Free-text object descriptions

---+---

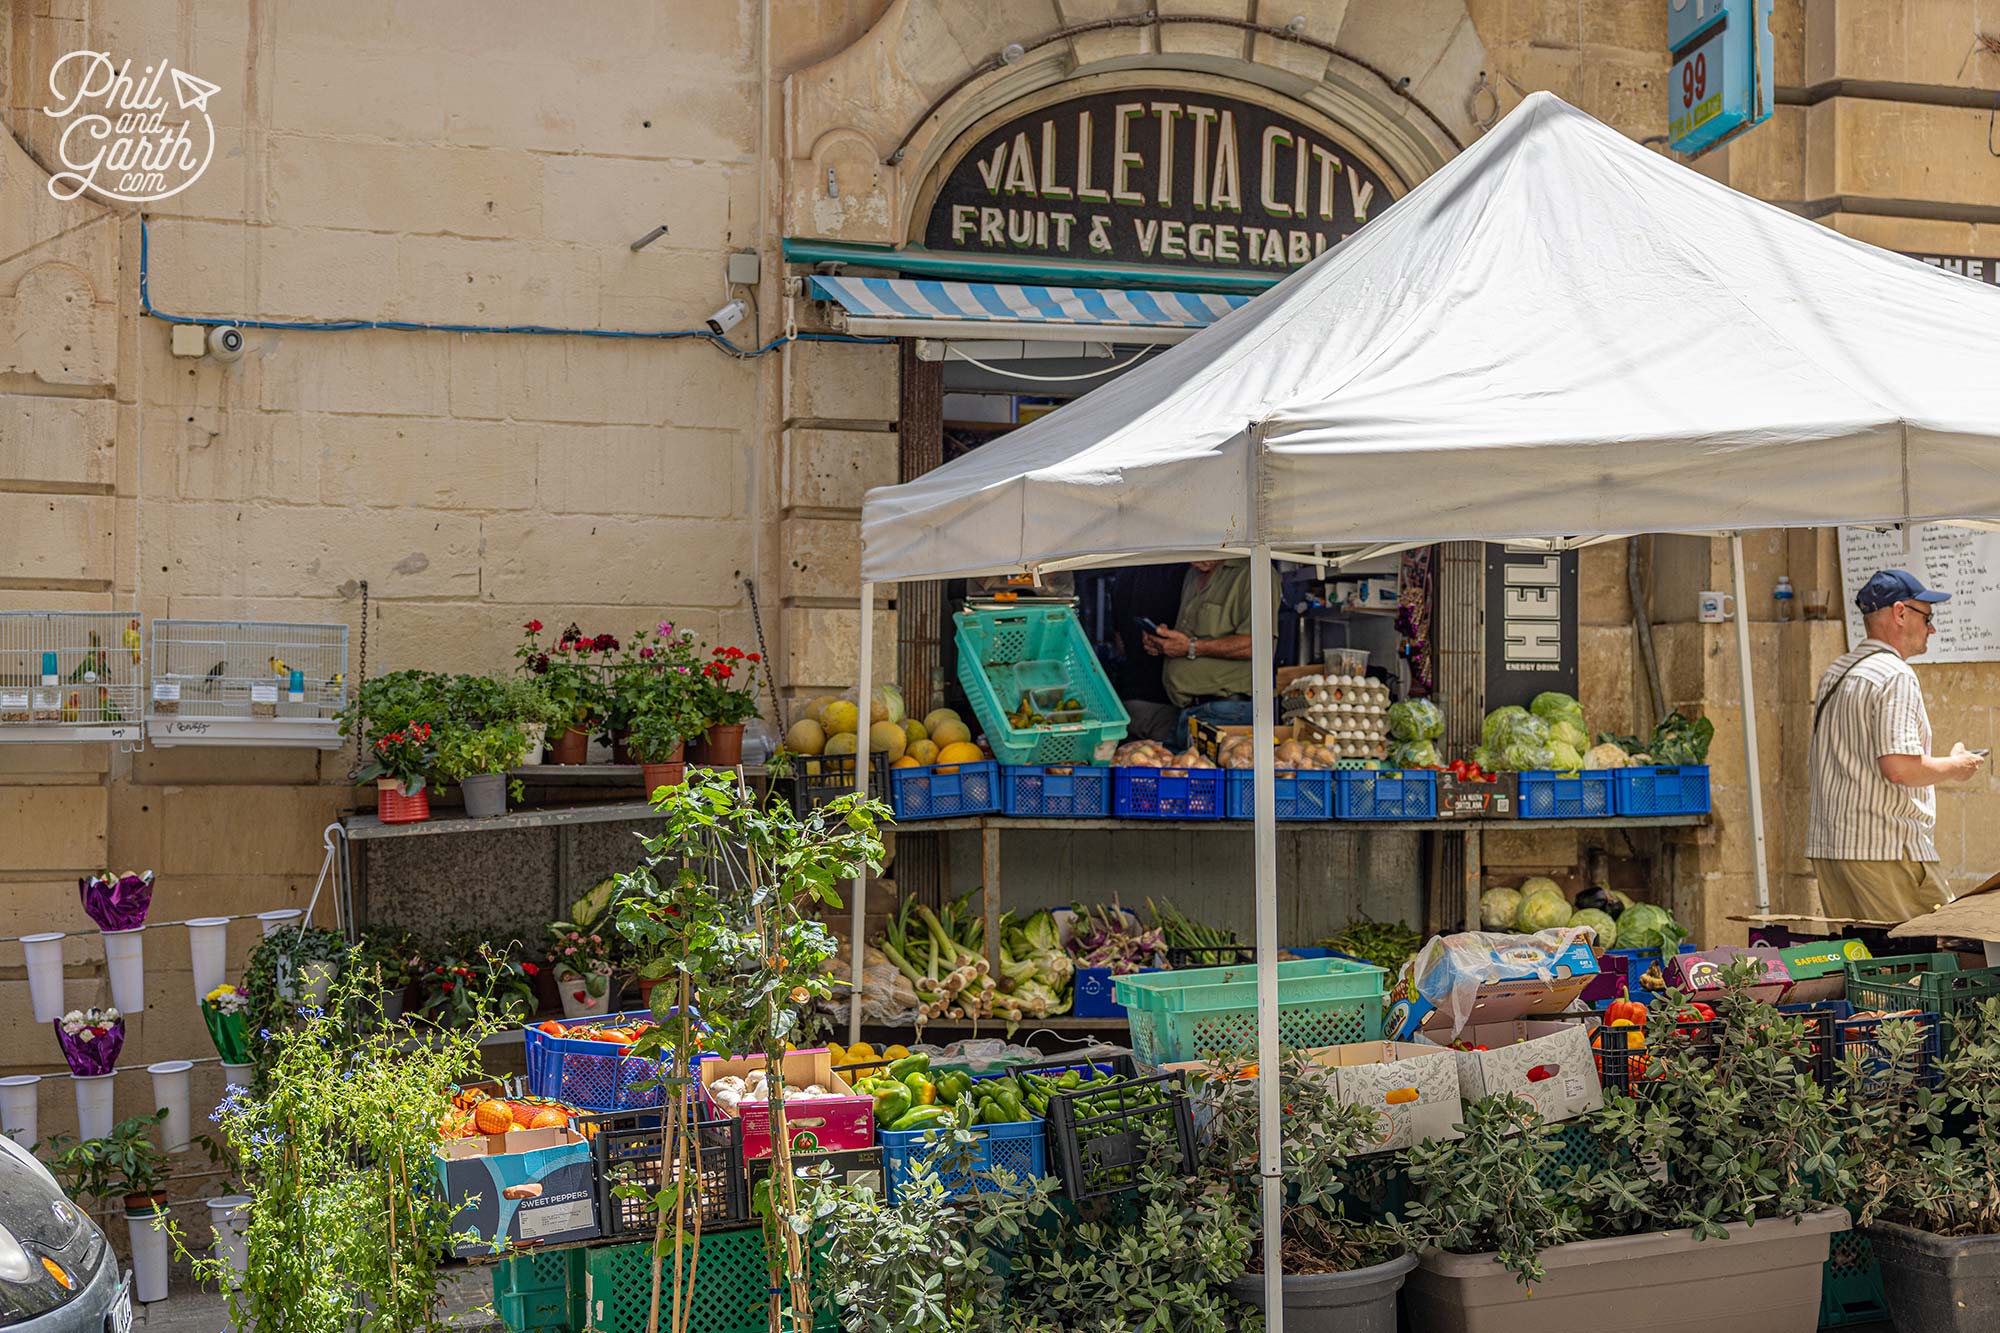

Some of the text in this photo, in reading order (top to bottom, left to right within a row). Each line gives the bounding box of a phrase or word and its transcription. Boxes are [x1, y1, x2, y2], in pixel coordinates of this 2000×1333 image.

[1683, 52, 1706, 109] 99
[977, 102, 1374, 223] VALLETTA CITY
[952, 204, 1350, 267] FRUIT & VEGETABL
[1504, 543, 1560, 661] HEL
[1505, 663, 1560, 671] ENERGY DRINK
[1794, 953, 1841, 966] SAFRESCO
[1695, 975, 1711, 986] EAT
[521, 1190, 588, 1209] SWEET PEPPERS
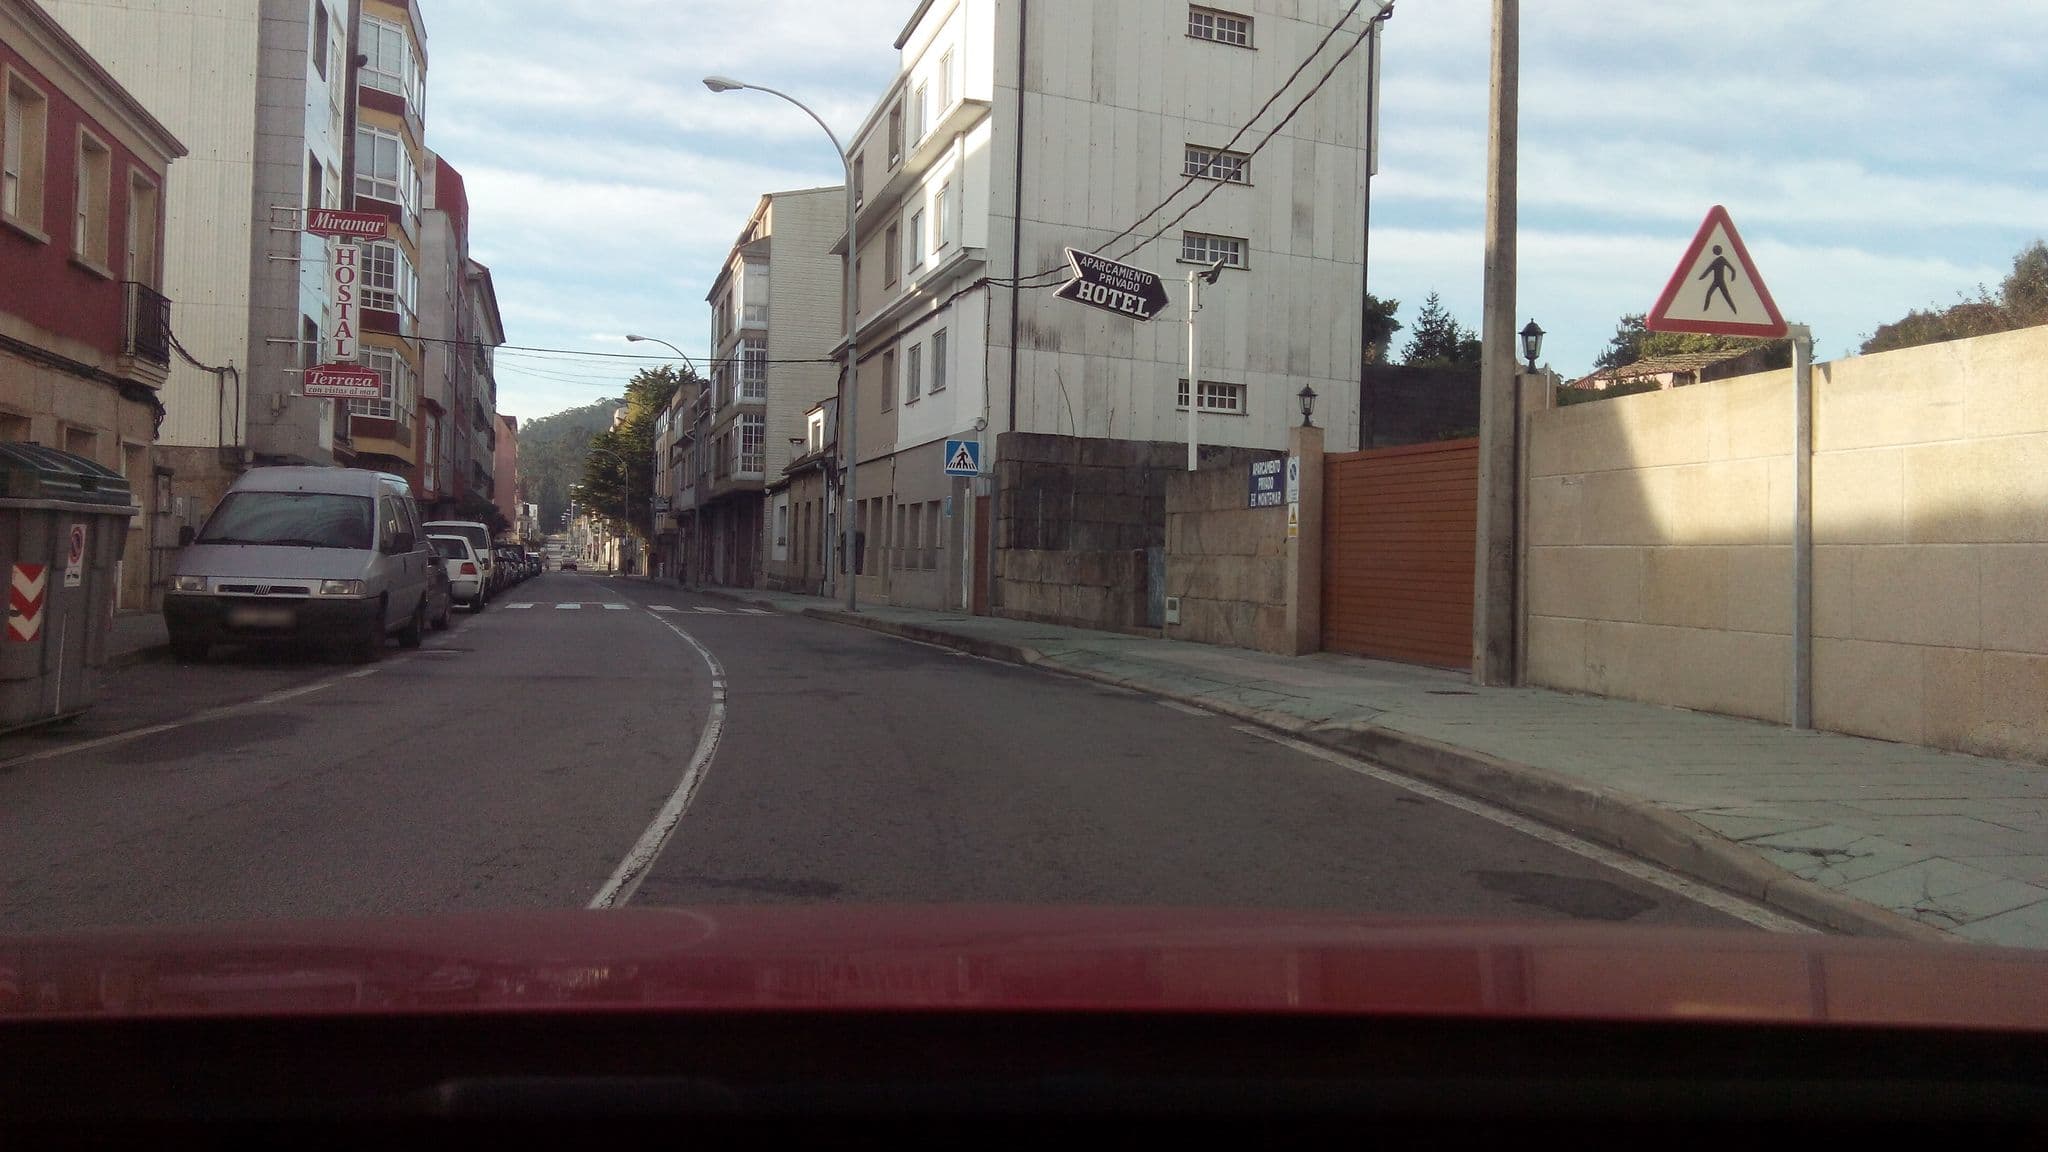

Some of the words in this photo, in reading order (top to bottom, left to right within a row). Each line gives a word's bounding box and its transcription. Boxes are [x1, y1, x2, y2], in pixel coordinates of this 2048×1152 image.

[310, 212, 385, 233] Miramar
[1080, 256, 1152, 285] APARCAMIENTO
[1099, 272, 1140, 292] PRIVADO
[334, 248, 356, 356] HOSTAL
[1076, 280, 1150, 318] HOTEL
[310, 372, 373, 387] Terraza
[308, 386, 322, 394] con
[349, 388, 358, 396] al

---+---

Reproduce each entry above word for word. Pictures are not part of the copy.

§ Result for this task:
Some of the text in this photo, in reading order (top to bottom, left to right within a row). Each line gives the bounding box of a phrase or word and its transcription. Boxes are [x1, y1, x2, y2], in pixel coordinates of this 2000×1333 image.

[1683, 52, 1706, 109] 99
[977, 102, 1374, 223] VALLETTA CITY
[952, 204, 1350, 267] FRUIT & VEGETABL
[1504, 543, 1560, 661] HEL
[1505, 663, 1560, 671] ENERGY DRINK
[1794, 953, 1841, 966] SAFRESCO
[1695, 975, 1711, 986] EAT
[521, 1190, 588, 1209] SWEET PEPPERS

Some of the words in this photo, in reading order (top to bottom, left to right within a row). Each line gives a word's bounding box and its transcription. Boxes are [x1, y1, x2, y2], in pixel coordinates of this 2048×1152 image.

[310, 212, 385, 233] Miramar
[1080, 256, 1152, 285] APARCAMIENTO
[1099, 272, 1140, 292] PRIVADO
[334, 248, 356, 356] HOSTAL
[1076, 280, 1150, 318] HOTEL
[310, 372, 373, 387] Terraza
[308, 386, 322, 394] con
[349, 388, 358, 396] al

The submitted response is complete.